WHAT TO PRODUCE: Each entry below should appear again exactly as written, without pictures.

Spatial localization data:
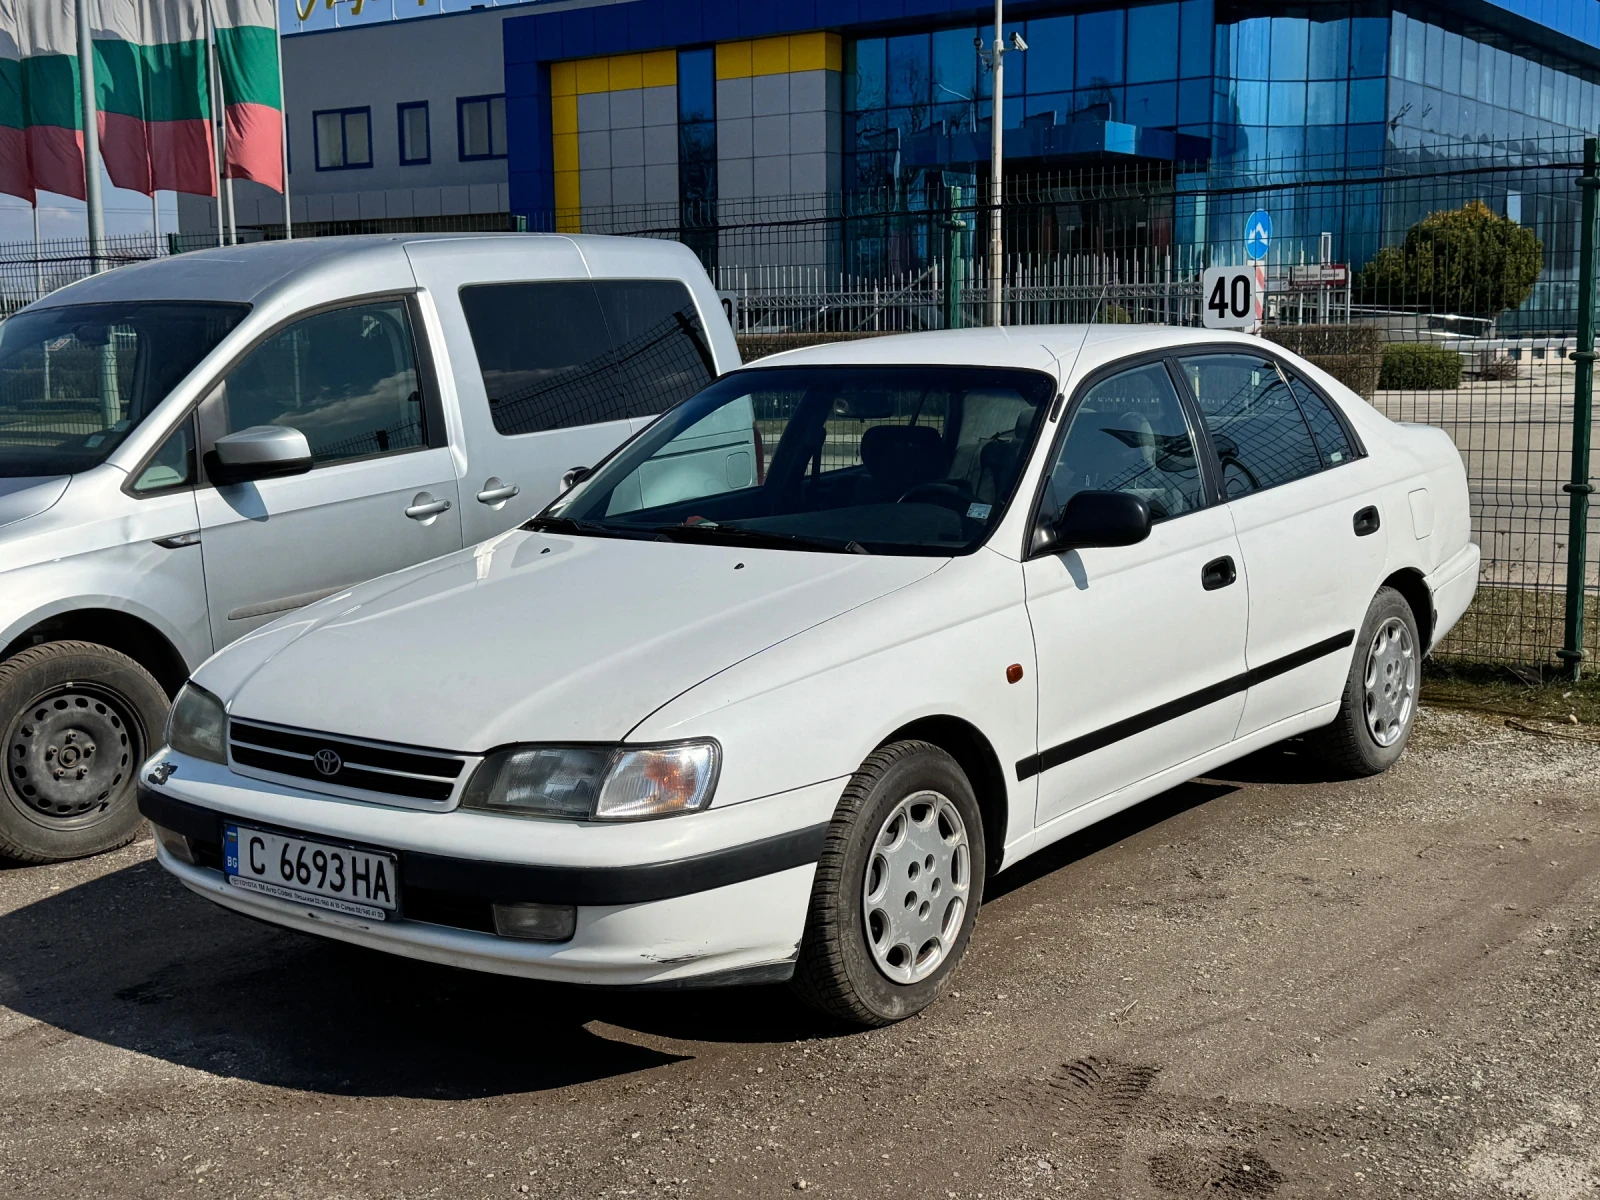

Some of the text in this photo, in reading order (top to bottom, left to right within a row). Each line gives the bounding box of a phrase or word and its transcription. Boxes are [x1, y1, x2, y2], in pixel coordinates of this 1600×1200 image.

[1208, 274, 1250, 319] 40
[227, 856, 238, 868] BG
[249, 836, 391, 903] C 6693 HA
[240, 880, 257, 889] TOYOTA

ANSWER TO THE EXERCISE:
Some of the text in this photo, in reading order (top to bottom, left to right within a row). Each line gives the bounding box of a phrase or word and its transcription. Boxes are [x1, y1, x2, y2], in pixel coordinates of this 1600×1200 image.

[1208, 274, 1250, 319] 40
[227, 856, 238, 868] BG
[249, 836, 391, 903] C 6693 HA
[240, 880, 257, 889] TOYOTA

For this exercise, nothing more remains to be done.